For us there was the heat of the Russian summer, which followed the winter with practically no spring in between. There were the storms, with their torrents of rain. There were our tender-skinned shoulders rubbed raw by our straps, particularly at the point which bore the weight of the gun. There were kicks and scuffs, and for many of us, the whip. There were mess tins half-filled with tasteless pap. There was the fear of failure and of the disciplinary battalion, and the fear of ultimate success as a dead hero. There were our heads, emptied of every thought, and the fixed, staring eyes of comrades who no longer saw anything but the earth on which we had to crawl. There were also two letters from Paula, which my heavy, exhausted eyes could no longer make any sense of, and my remorse at being unable to reply during my eight hours of rest.
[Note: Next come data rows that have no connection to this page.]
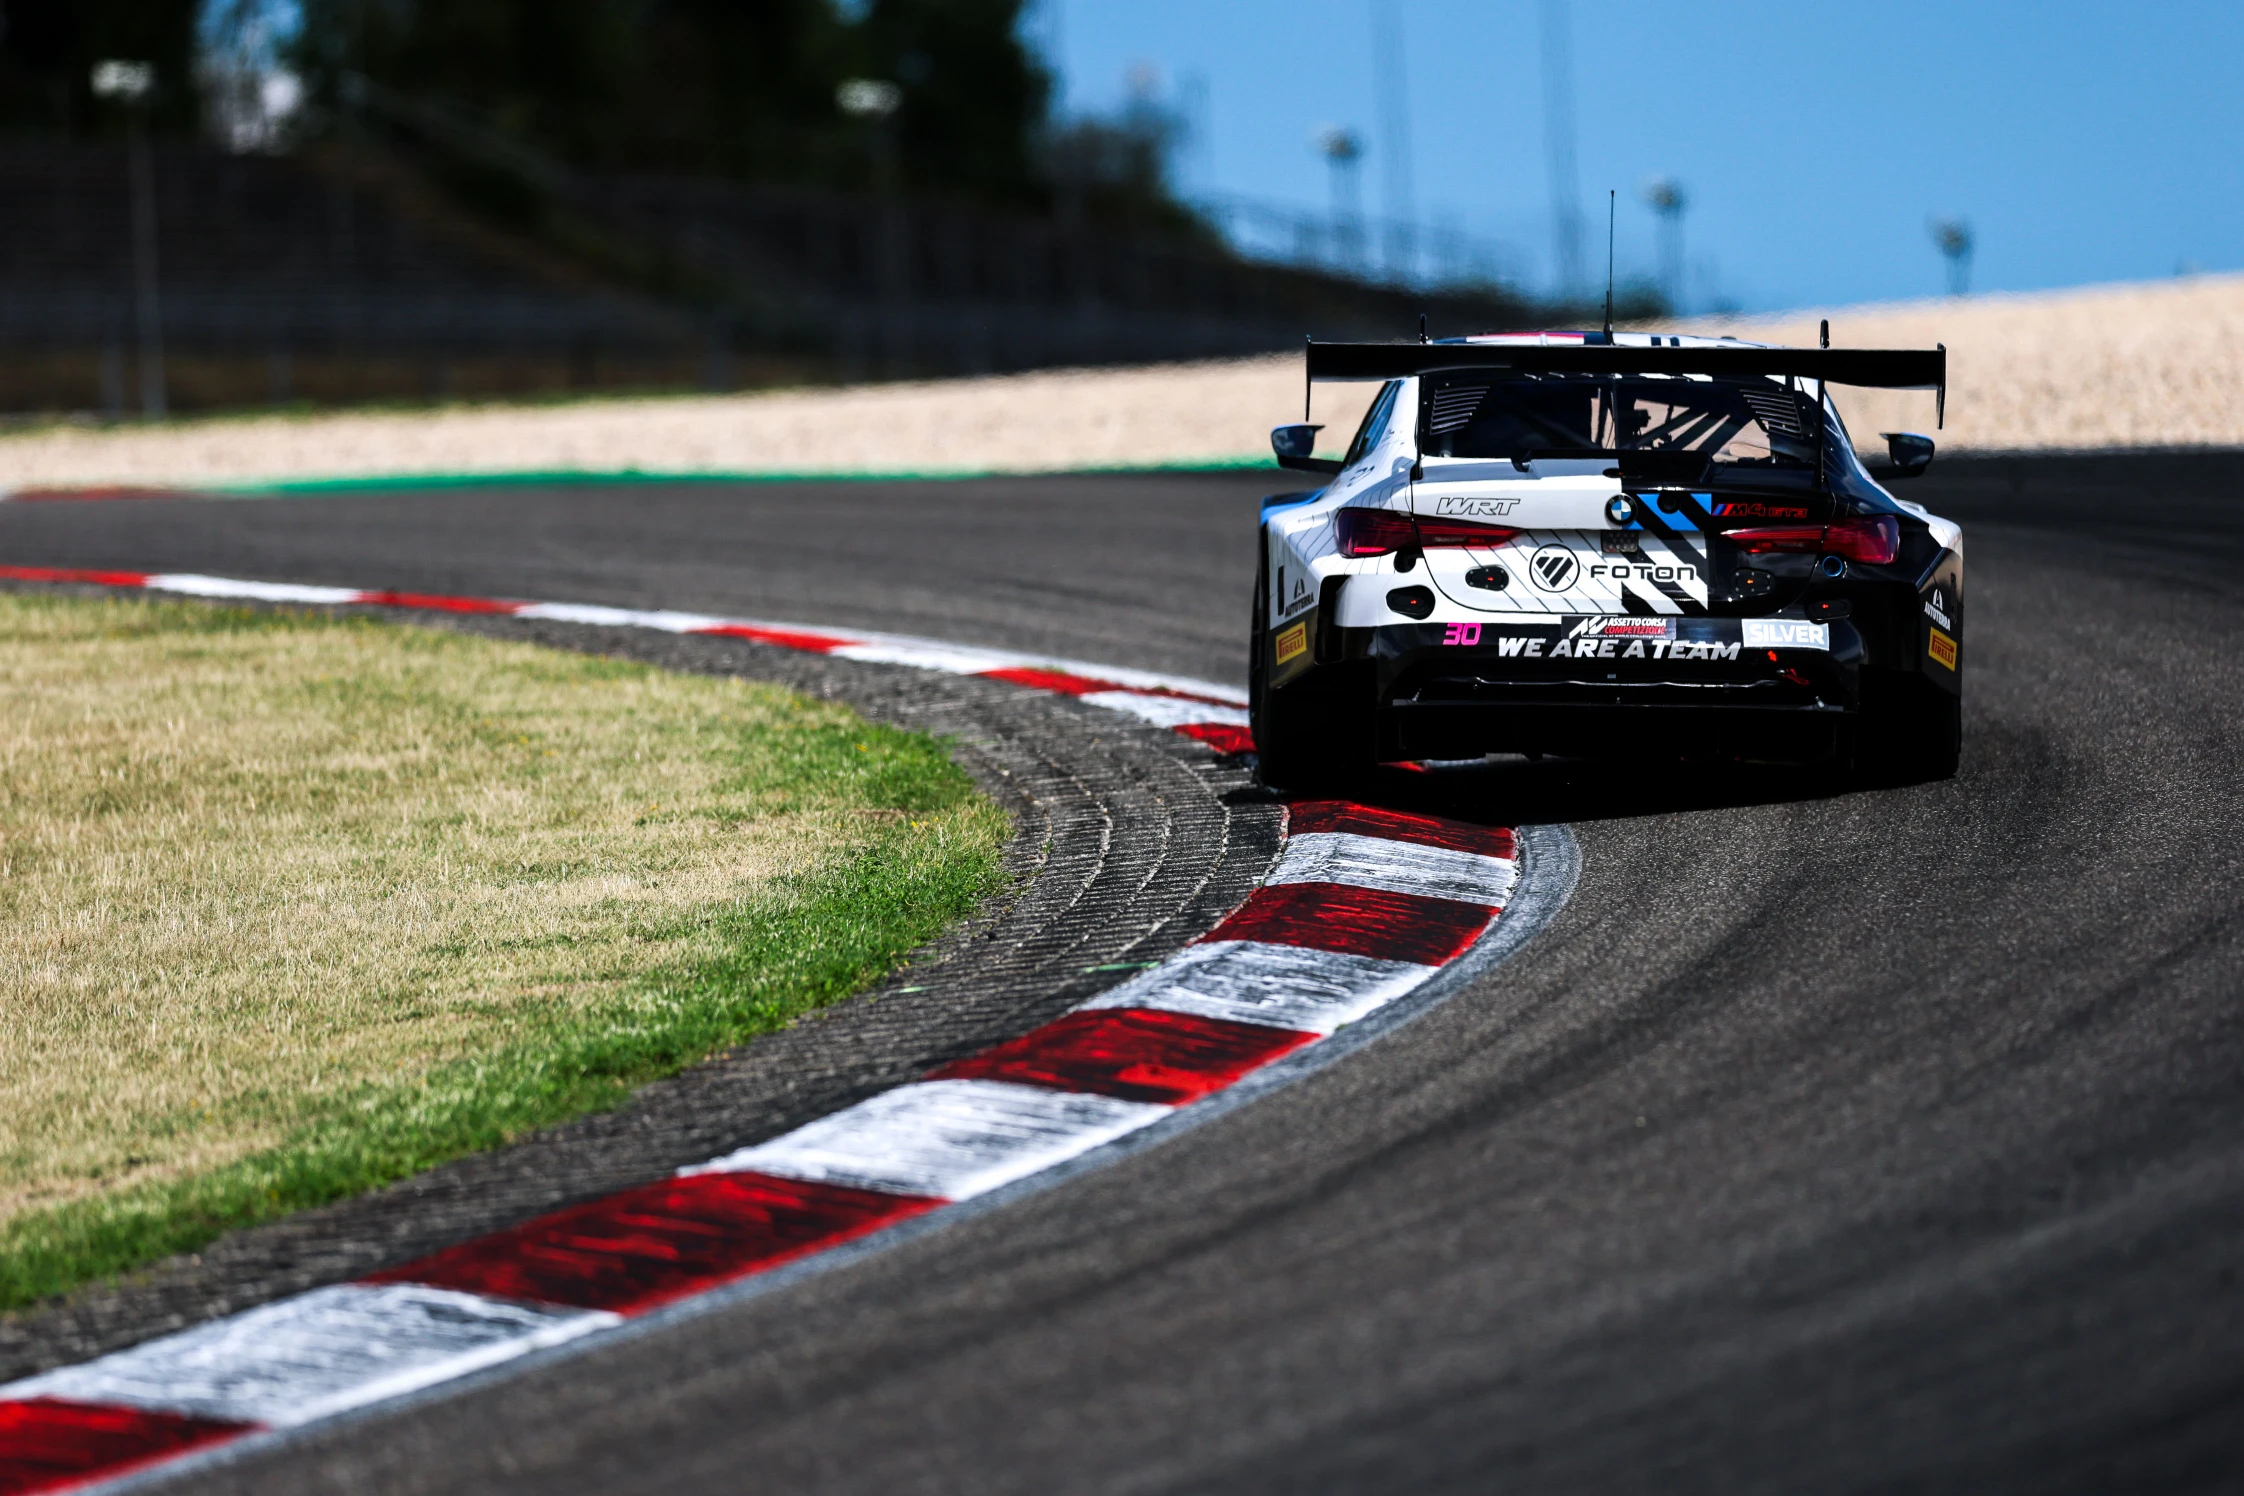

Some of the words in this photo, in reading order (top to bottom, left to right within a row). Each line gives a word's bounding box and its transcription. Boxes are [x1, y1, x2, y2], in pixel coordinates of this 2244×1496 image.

[1436, 497, 1521, 516] WRT
[1768, 507, 1808, 518] GT3
[1590, 564, 1696, 581] FOTON
[1604, 626, 1666, 635] COMPETIZIONE
[1607, 617, 1641, 627] ASSETTO
[1641, 617, 1667, 627] CORSA
[1279, 628, 1304, 659] PIRELLI
[1443, 622, 1482, 646] 30
[1750, 623, 1825, 645] SILVER
[1499, 637, 1547, 657] WE
[1549, 638, 1620, 659] ARE
[1621, 639, 1646, 659] A
[1651, 640, 1742, 660] TEAM
[1931, 634, 1955, 665] PIRELLI
Two thousand miles to the west, people were complaining because at certain hours it was impossible to find anything to drink at the Paris bistros. It still makes me laugh to hear how bitterly this abstinence made them suffer.
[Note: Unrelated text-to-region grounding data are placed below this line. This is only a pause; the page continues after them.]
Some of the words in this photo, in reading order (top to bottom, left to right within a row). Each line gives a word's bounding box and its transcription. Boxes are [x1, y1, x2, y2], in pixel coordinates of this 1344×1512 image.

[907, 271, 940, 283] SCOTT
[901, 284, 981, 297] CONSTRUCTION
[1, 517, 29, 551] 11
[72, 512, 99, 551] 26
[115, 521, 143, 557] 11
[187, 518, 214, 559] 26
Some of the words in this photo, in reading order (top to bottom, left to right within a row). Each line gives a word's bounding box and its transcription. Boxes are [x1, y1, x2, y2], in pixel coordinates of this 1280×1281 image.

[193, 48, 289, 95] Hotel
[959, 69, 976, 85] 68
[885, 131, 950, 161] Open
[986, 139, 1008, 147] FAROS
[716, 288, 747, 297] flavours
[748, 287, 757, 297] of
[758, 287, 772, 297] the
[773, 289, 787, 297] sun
Throughout the war, one of the biggest German mistakes was to treat German soldiers even worse than prisoners, instead of allowing us to rape and steal — crimes which we were condemned for in the end, anyway.

One day we were given anti-tank exercises — defensive and counterattack. As we had already been taught to dig foxholes in record time, we had no trouble opening a trench 150 yards long, 20 inches wide, and a yard deep. We were ordered into the trench in close ranks, and forbidden to leave it, no matter what happened. Then four or five Mark-3s rolled forward at right angles to us, and crossed the trench at different speeds. The weight of these machines alone made them sink four or five inches into the crumbling ground. When their monstrous treads ploughed into the rim of the trench only a few inches from our heads, cries of terror broke from almost all of us. Even today, I am fascinated by the sight of a bulldozer at work: its treads remind me of those terrifying moments. We were also taught how to handle the dangerous Panzerfaust, and how to attack tanks with magnetic mines. One had to hide in a hole and wait until the tank came close enough. Then one ran, and dropped an explosive device — unprimed during practice — between the body and the turret of the machine. We weren’t allowed to leave our holes until the tank was within five yards of us. Then, with the speed of desperation, we had to run straight at the terrifying monster, grab the tow hook and pull ourselves onto the hood, place the mine at the joint of the body and turret, and drop off the tank to the right, with a decisive rolling motion. Thank God, I myself never had to mine a tank coming straight at me. Lensen, who was promoted to ober, and then sergeant, partly because of his prowess in this exercise, gave us a demonstration which no suspense film could ever hope to equal. His assurance was partly responsible for his horrible end a year and a half later.